Former Music Director Dies at 87

Former California Lutheran University music director and composer Elmer Ramsey died Feb. 9 at age 87.

According to a family statement given to Cal Lutheran, Ramsey was born June 3, 1930 in North Dakota. Ramsey grew up loving music from a very early age. After the family moved to Washington, Ramsey began playing the trumpet professionally at the age of 14.

After college and doing studio work for big-named networks, Ramsey moved to Thousand Oaks in 1965 to become a music professor at Cal Lutheran. He also became the music director and conductor of the Conejo Symphony Orchestra which originated as the college community symphony.

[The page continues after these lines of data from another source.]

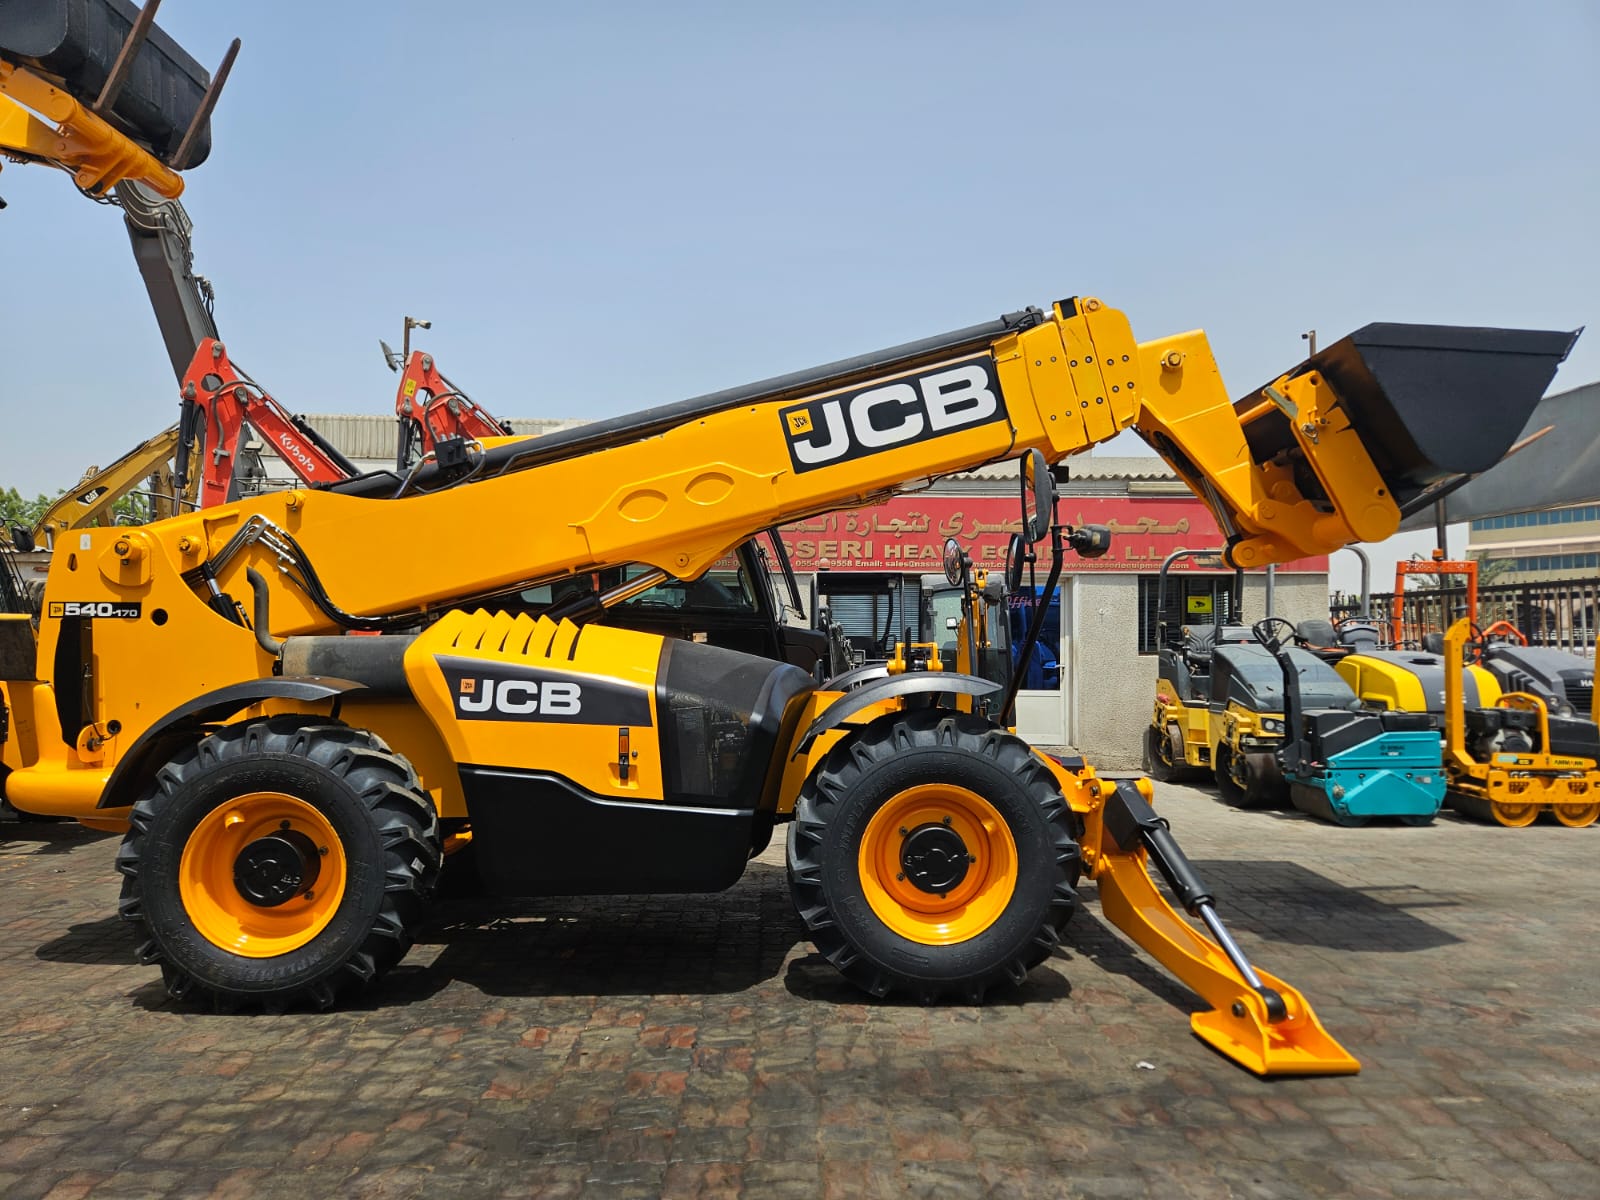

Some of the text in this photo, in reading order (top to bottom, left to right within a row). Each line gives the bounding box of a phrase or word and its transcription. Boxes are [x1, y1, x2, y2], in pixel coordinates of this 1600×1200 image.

[793, 365, 997, 464] JCB
[279, 432, 315, 473] Kubota
[854, 559, 884, 568] Email:
[64, 602, 138, 617] 540-170
[459, 679, 582, 716] JCB

Photo by Brian Stethem. Provided by Karin Grennan.
Photo by Brian Stethem. Provided by Karin Grennan.

Ramsey composed Cal Lutheran’s fight song, part of the alma mater and “Hail Kingsmen,” among other tunes. He conducted the student orchestra at Cal Lutheran as well as the Conejo Symphony and Conejo Pops Orchestra.

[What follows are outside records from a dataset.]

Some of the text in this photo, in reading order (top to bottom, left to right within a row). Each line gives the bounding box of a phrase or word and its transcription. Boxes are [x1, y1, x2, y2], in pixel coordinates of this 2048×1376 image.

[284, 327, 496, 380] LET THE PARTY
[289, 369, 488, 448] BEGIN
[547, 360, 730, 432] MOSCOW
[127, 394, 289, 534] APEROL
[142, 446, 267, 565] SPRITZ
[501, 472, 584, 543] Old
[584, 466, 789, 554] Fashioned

“Not only was he an outstanding conductor, a first-rate composer and arranger, but he was also a very fine trumpet player who played professionally throughout most of his life,” said Wyant Morton, Cal Lutheran music professor. “His greatest strength was his electicticism. His love was conducting the great orchestral repertoire of the classical master composers, but he was equally at home conducting Broadway musicals, jazz standards and popular hits.”

Alumni Jim and Susie Wilbur studied under Ramsey in the early 1970s. 

“He was a very wonderful man,” Susie Wilbur said. “For most of us, he and his wife were like parents away from our parents. He took care of us and nurtured us, we sang with him and had him for instruments. It was one of my favorite classes.”

After graduating in 1973, Jim and Susie said they continued to remain close to Ramsey as they sang professionally for him for many years after.

“We soloed with the symphony and when he recorded with his trumpets,” Susie Wilbur said. “He taught us a lot and we loved performing with him.”

According to the family statement, Ramsey was also involved in the development of the Thousand Oaks Civics Art Plaza, which opened in 1994.

“My most cherished professional memory was being asked by Elmer to help prepare a massed choir of students and community members for a performance of Beethoven’s ninth symphony for the opening of the Civic Arts Plaza,” Morton said. “And of course it was a very electric concert.”

Ramsey is survived by his wife Elaine J. Ramsey, five children who all attended Cal Lutheran, seven grandchildren, five great-grandchildren and one great-great grandchild.

The memorial service is to be held on Saturday, April 28 in the Samuelson Chapel.

“He had a very special calm and gentle spirit,” said Morton. “He taught me a lot and he will be greatly missed.”